## What to do
Transcribe the listing below exactly, leaving nothing out.

## Data to process
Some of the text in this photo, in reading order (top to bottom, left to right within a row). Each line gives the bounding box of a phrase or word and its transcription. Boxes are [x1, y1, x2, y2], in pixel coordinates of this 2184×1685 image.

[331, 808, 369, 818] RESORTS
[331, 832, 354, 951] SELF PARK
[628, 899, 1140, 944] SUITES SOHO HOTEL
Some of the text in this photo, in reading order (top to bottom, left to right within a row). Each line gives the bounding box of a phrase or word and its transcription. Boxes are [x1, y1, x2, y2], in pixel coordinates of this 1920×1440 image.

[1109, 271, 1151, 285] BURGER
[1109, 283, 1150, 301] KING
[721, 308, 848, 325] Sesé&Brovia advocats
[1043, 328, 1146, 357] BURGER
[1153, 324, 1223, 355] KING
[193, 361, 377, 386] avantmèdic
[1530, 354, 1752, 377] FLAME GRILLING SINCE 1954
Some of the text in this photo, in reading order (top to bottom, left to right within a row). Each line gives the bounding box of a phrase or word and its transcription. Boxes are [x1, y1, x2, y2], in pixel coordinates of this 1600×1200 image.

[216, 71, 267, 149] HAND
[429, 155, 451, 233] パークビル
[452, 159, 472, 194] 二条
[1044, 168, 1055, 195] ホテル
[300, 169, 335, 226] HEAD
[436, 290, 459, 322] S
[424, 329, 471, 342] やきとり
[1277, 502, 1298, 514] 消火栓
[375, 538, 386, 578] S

## Response to the task
Some of the text in this photo, in reading order (top to bottom, left to right within a row). Each line gives the bounding box of a phrase or word and its transcription. Boxes are [x1, y1, x2, y2], in pixel coordinates of this 2184×1685 image.

[331, 808, 369, 818] RESORTS
[331, 832, 354, 951] SELF PARK
[628, 899, 1140, 944] SUITES SOHO HOTEL
Some of the text in this photo, in reading order (top to bottom, left to right within a row). Each line gives the bounding box of a phrase or word and its transcription. Boxes are [x1, y1, x2, y2], in pixel coordinates of this 1920×1440 image.

[1109, 271, 1151, 285] BURGER
[1109, 283, 1150, 301] KING
[721, 308, 848, 325] Sesé&Brovia advocats
[1043, 328, 1146, 357] BURGER
[1153, 324, 1223, 355] KING
[193, 361, 377, 386] avantmèdic
[1530, 354, 1752, 377] FLAME GRILLING SINCE 1954
Some of the text in this photo, in reading order (top to bottom, left to right within a row). Each line gives the bounding box of a phrase or word and its transcription. Boxes are [x1, y1, x2, y2], in pixel coordinates of this 1600×1200 image.

[216, 71, 267, 149] HAND
[429, 155, 451, 233] パークビル
[452, 159, 472, 194] 二条
[1044, 168, 1055, 195] ホテル
[300, 169, 335, 226] HEAD
[436, 290, 459, 322] S
[424, 329, 471, 342] やきとり
[1277, 502, 1298, 514] 消火栓
[375, 538, 386, 578] S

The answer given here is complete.